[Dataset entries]
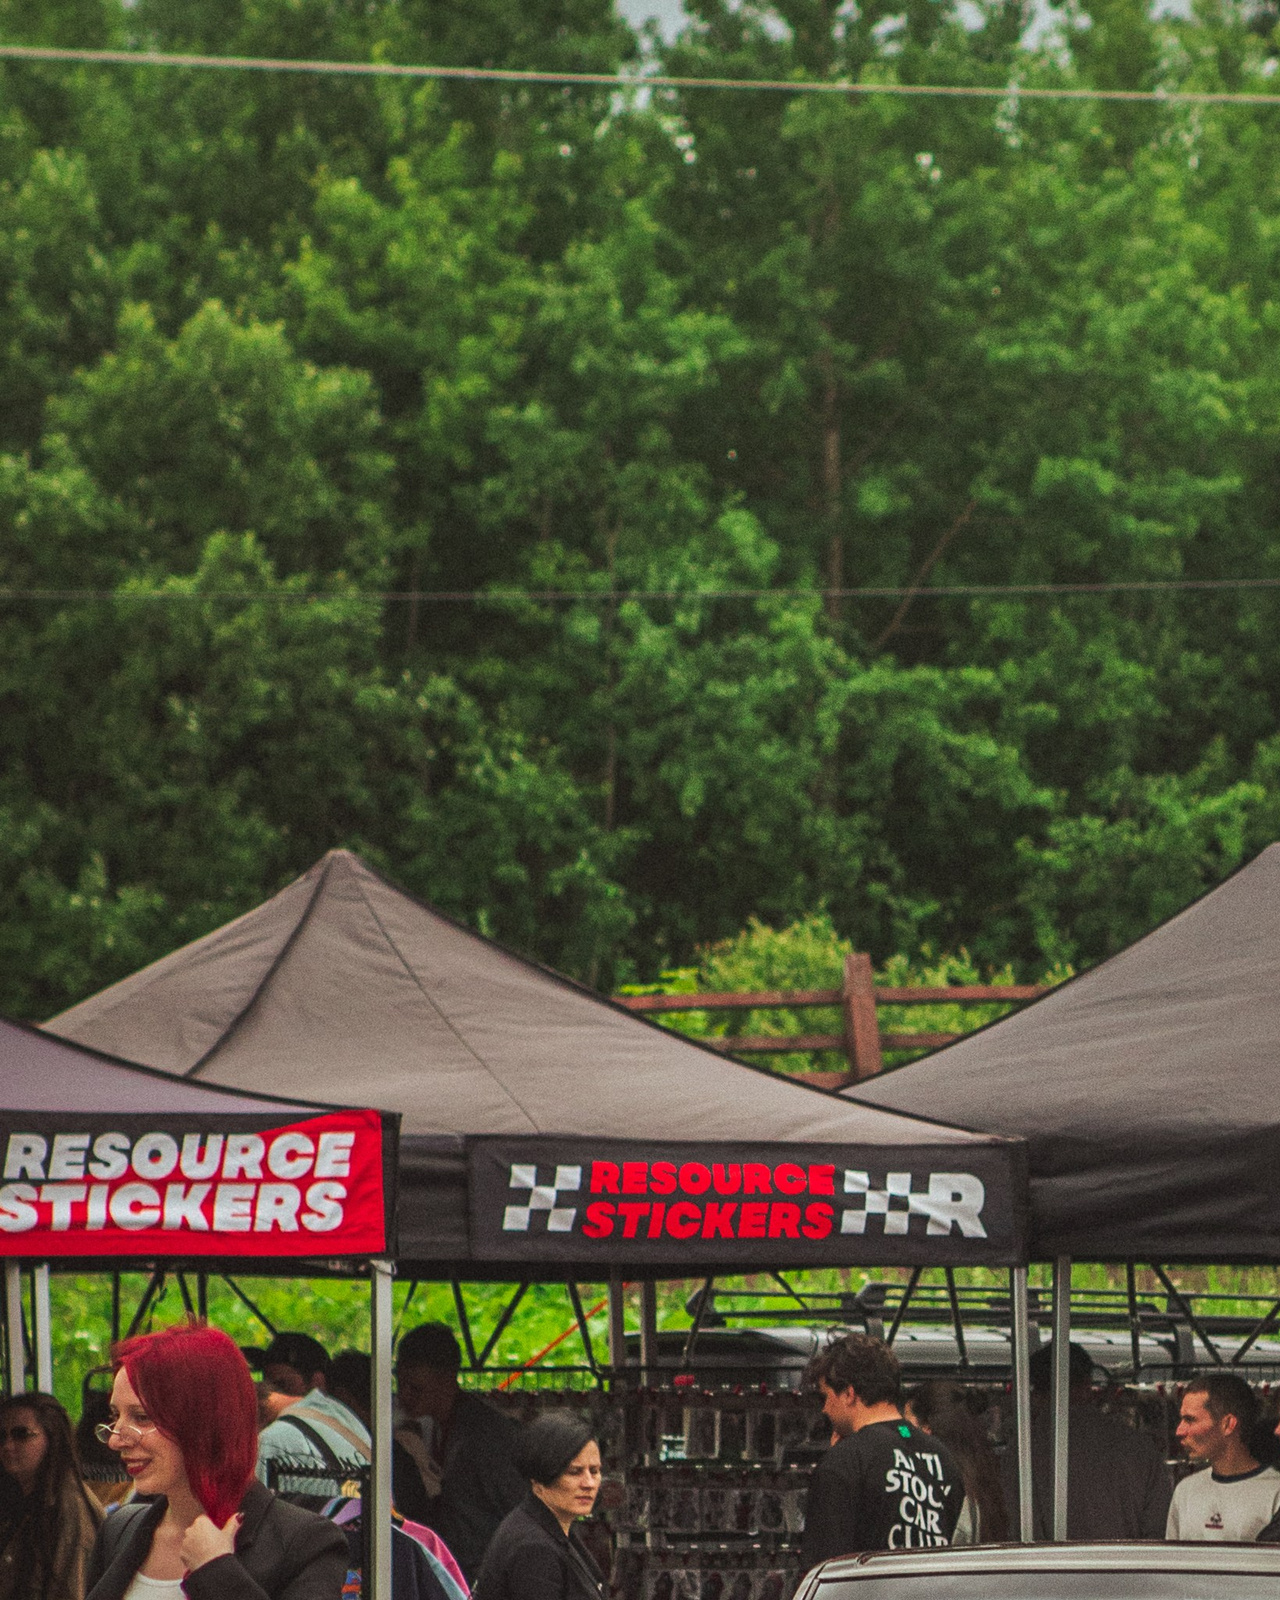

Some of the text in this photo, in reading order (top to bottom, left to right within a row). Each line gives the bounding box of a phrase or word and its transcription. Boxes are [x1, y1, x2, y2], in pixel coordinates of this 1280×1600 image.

[3, 1131, 356, 1180] RESOURCE
[590, 1161, 836, 1196] RESOURCE
[0, 1181, 347, 1233] STICKERS
[581, 1201, 834, 1240] STICKERS
[900, 1496, 942, 1534] CAR
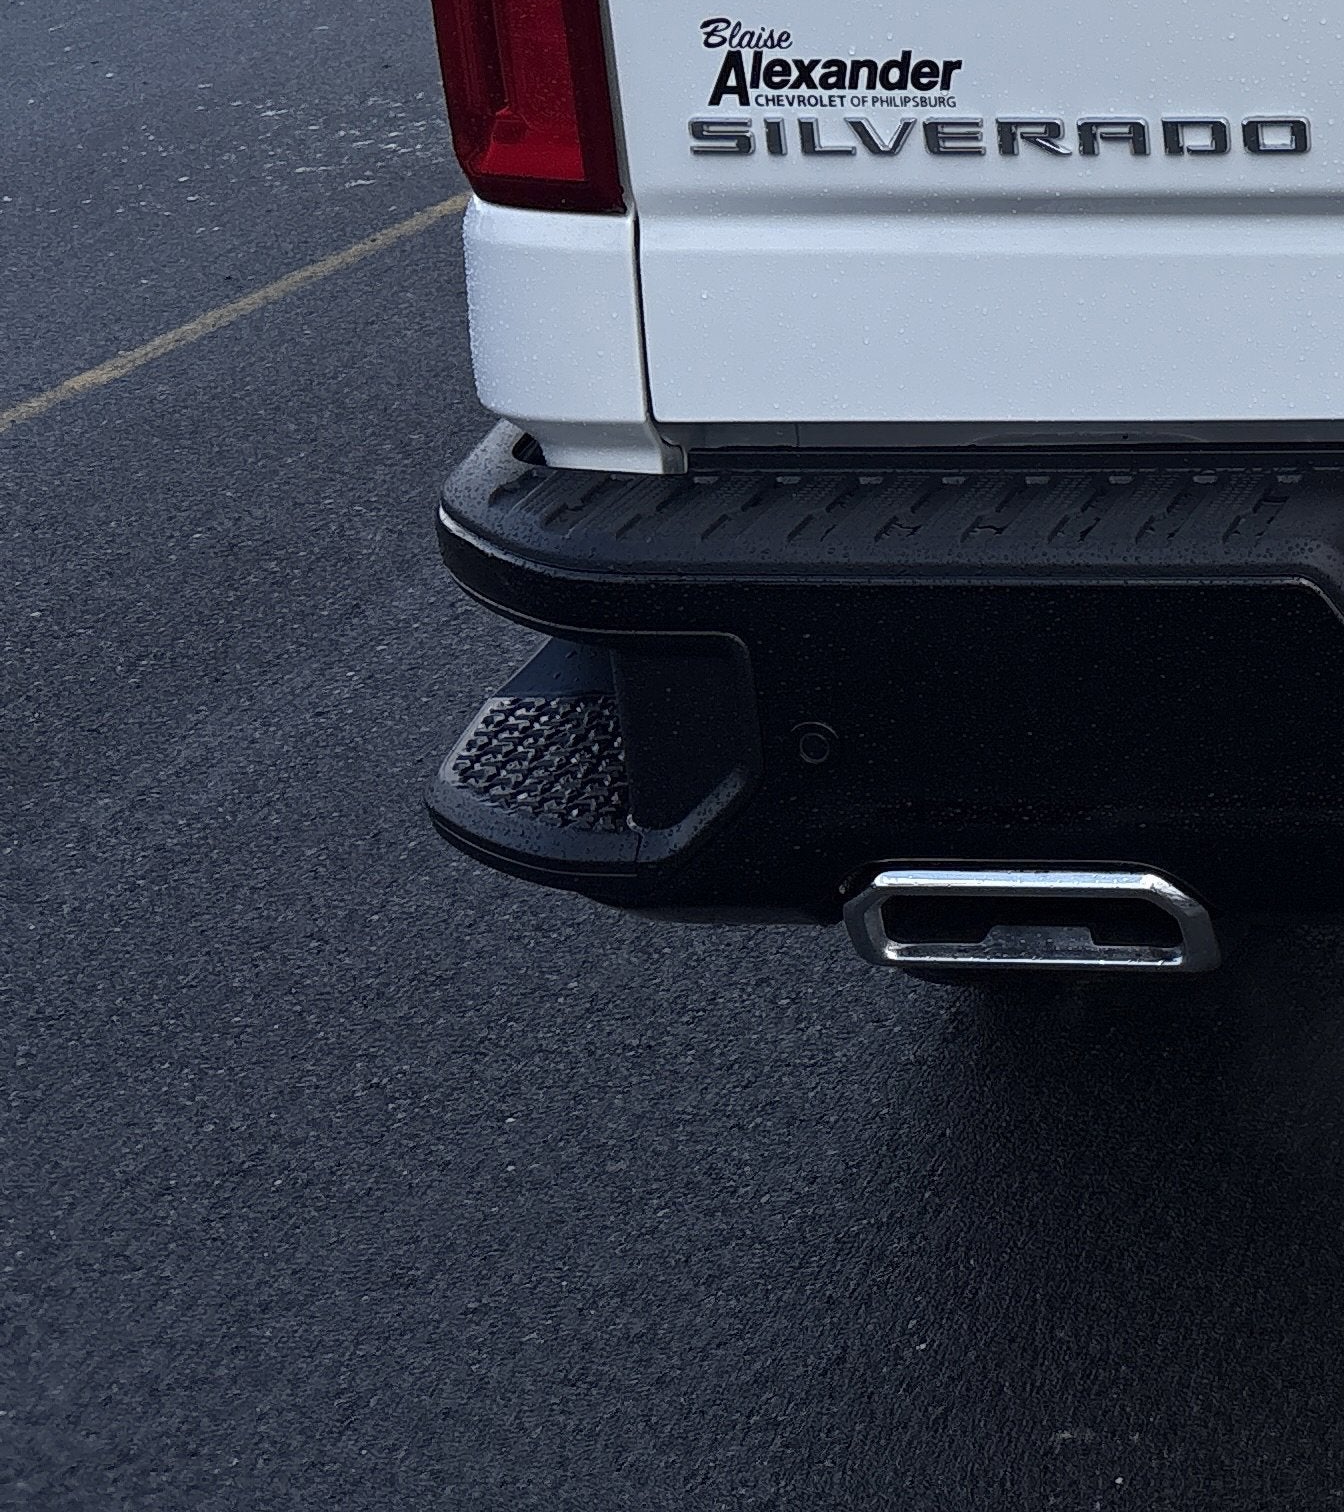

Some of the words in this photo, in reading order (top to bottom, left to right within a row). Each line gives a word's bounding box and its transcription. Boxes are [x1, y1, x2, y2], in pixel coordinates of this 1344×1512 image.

[700, 17, 793, 50] Blaise
[707, 49, 963, 107] Alexander
[754, 93, 846, 108] CHEVROLET
[850, 94, 869, 108] OF
[871, 94, 957, 109] PHILIPSBURG
[688, 116, 1312, 157] SILVERADO
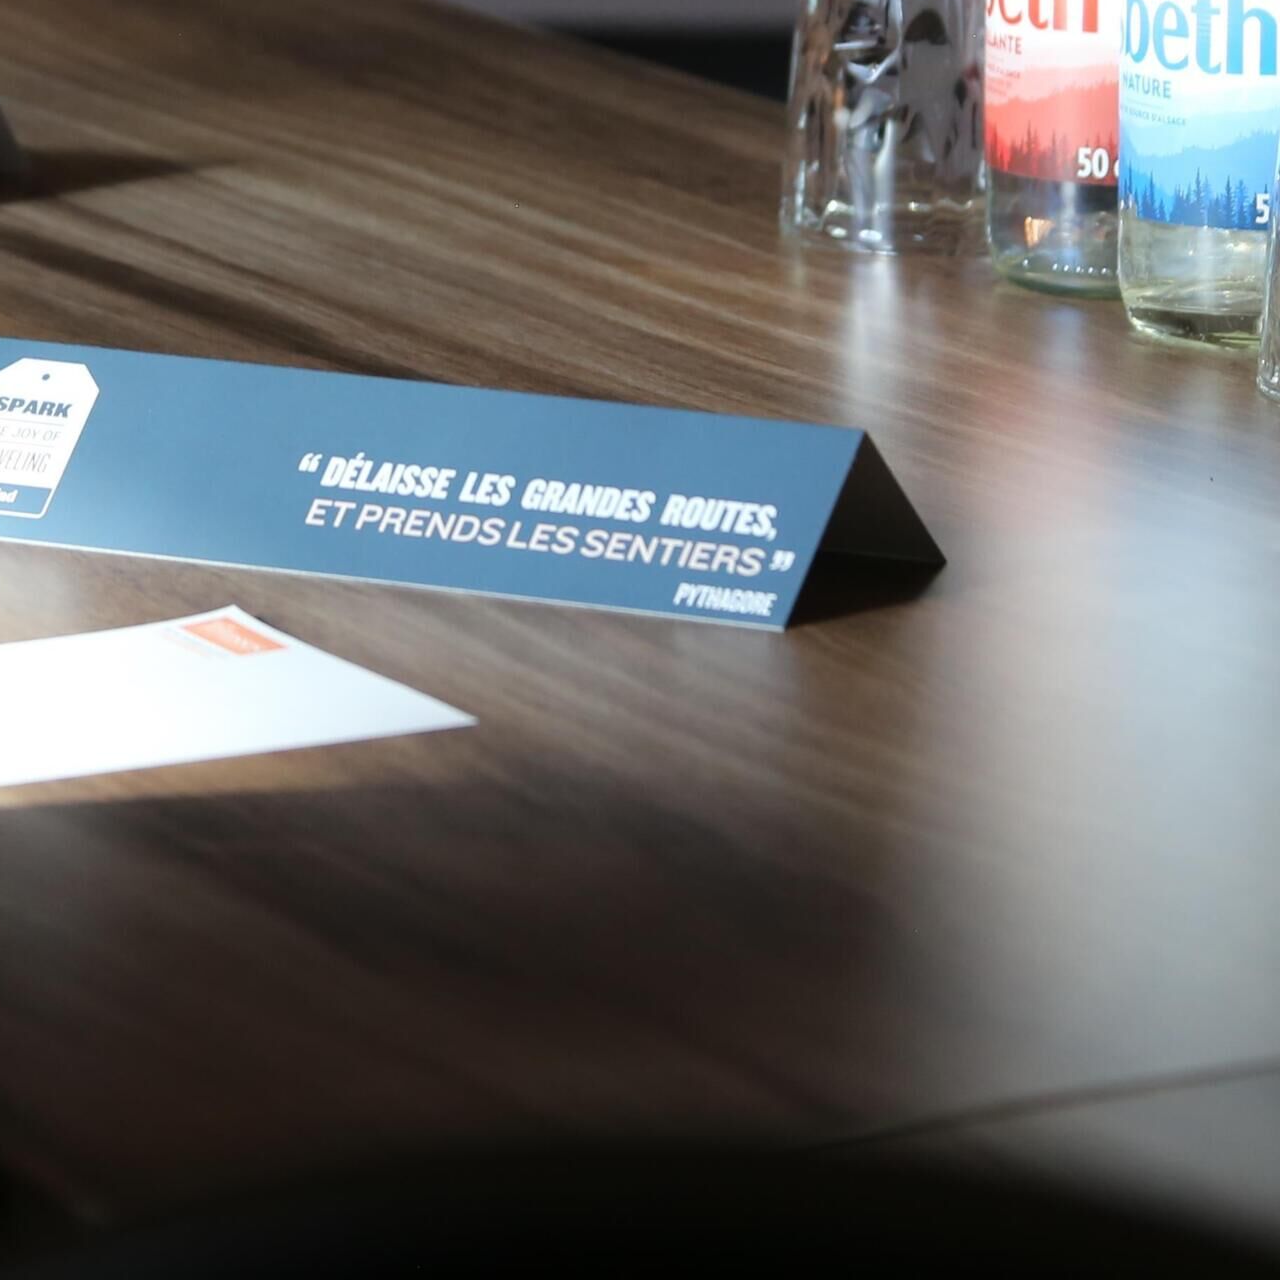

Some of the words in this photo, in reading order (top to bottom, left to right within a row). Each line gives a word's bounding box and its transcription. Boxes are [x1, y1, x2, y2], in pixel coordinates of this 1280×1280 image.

[10, 425, 41, 441] JOY
[42, 429, 63, 443] OF
[305, 498, 358, 528] ET
[354, 503, 507, 547] PRENDS
[506, 520, 581, 556] LES
[459, 471, 517, 507] LES
[520, 477, 657, 524] GRANDES
[659, 493, 778, 542] ROUTES,
[672, 582, 778, 617] PYTHAGORE
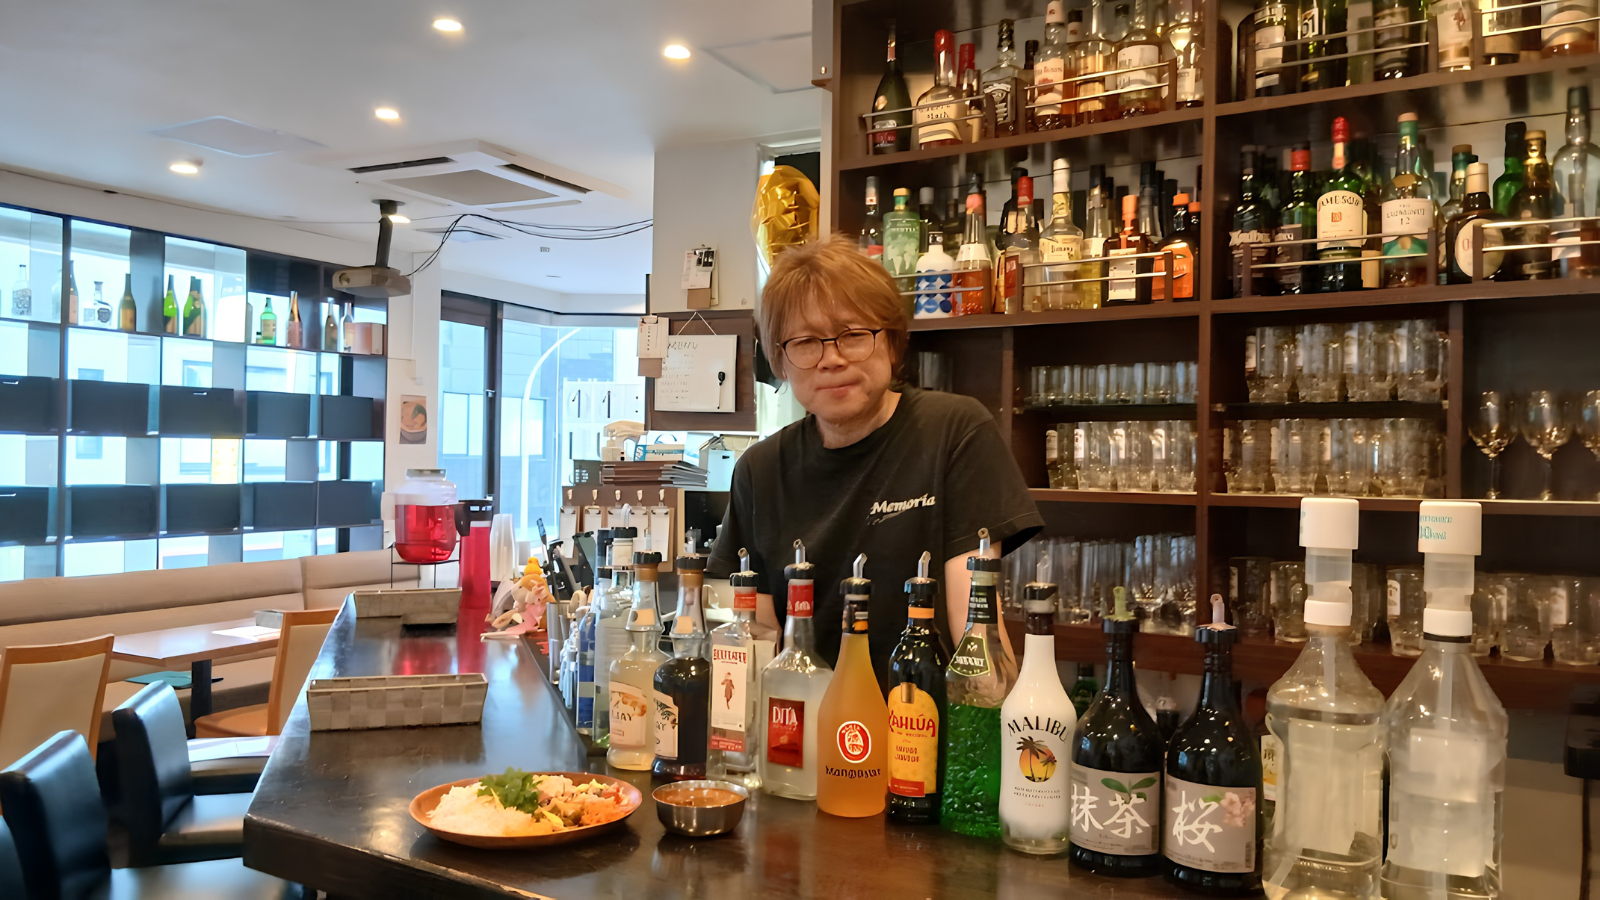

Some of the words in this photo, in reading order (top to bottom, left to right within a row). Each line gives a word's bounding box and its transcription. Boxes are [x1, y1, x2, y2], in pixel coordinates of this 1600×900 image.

[869, 492, 936, 515] Memoria
[772, 705, 798, 727] DITA
[1007, 715, 1070, 744] MALIBU
[1070, 783, 1150, 839] 抹茶
[1171, 790, 1224, 854] 桜

§ **HOW TO COMPLETE THIS TASK**:
Transcribe the entries above word for word, but leave every picture out of your copy.

§ **TASK OUTPUT**:
Some of the text in this photo, in reading order (top to bottom, left to right within a row). Each line gives the bounding box of a phrase or word and its transcription. Boxes are [x1, y1, x2, y2], in pixel coordinates of this 1280×1600 image.

[3, 1131, 356, 1180] RESOURCE
[590, 1161, 836, 1196] RESOURCE
[0, 1181, 347, 1233] STICKERS
[581, 1201, 834, 1240] STICKERS
[900, 1496, 942, 1534] CAR

Some of the words in this photo, in reading order (top to bottom, left to right within a row). Each line gives a word's bounding box and its transcription. Boxes are [x1, y1, x2, y2], in pixel coordinates of this 1344×1512 image.

[700, 17, 793, 50] Blaise
[707, 49, 963, 107] Alexander
[754, 93, 846, 108] CHEVROLET
[850, 94, 869, 108] OF
[871, 94, 957, 109] PHILIPSBURG
[688, 116, 1312, 157] SILVERADO

Some of the words in this photo, in reading order (top to bottom, left to right within a row). Each line gives a word's bounding box and its transcription. Boxes are [x1, y1, x2, y2], in pixel coordinates of this 1280×1280 image.

[10, 425, 41, 441] JOY
[42, 429, 63, 443] OF
[305, 498, 358, 528] ET
[354, 503, 507, 547] PRENDS
[506, 520, 581, 556] LES
[459, 471, 517, 507] LES
[520, 477, 657, 524] GRANDES
[659, 493, 778, 542] ROUTES,
[672, 582, 778, 617] PYTHAGORE

Some of the words in this photo, in reading order (top to bottom, left to right within a row). Each line gives a word's bounding box and its transcription. Boxes are [x1, y1, x2, y2], in pixel coordinates of this 1600×900 image.

[869, 492, 936, 515] Memoria
[772, 705, 798, 727] DITA
[1007, 715, 1070, 744] MALIBU
[1070, 783, 1150, 839] 抹茶
[1171, 790, 1224, 854] 桜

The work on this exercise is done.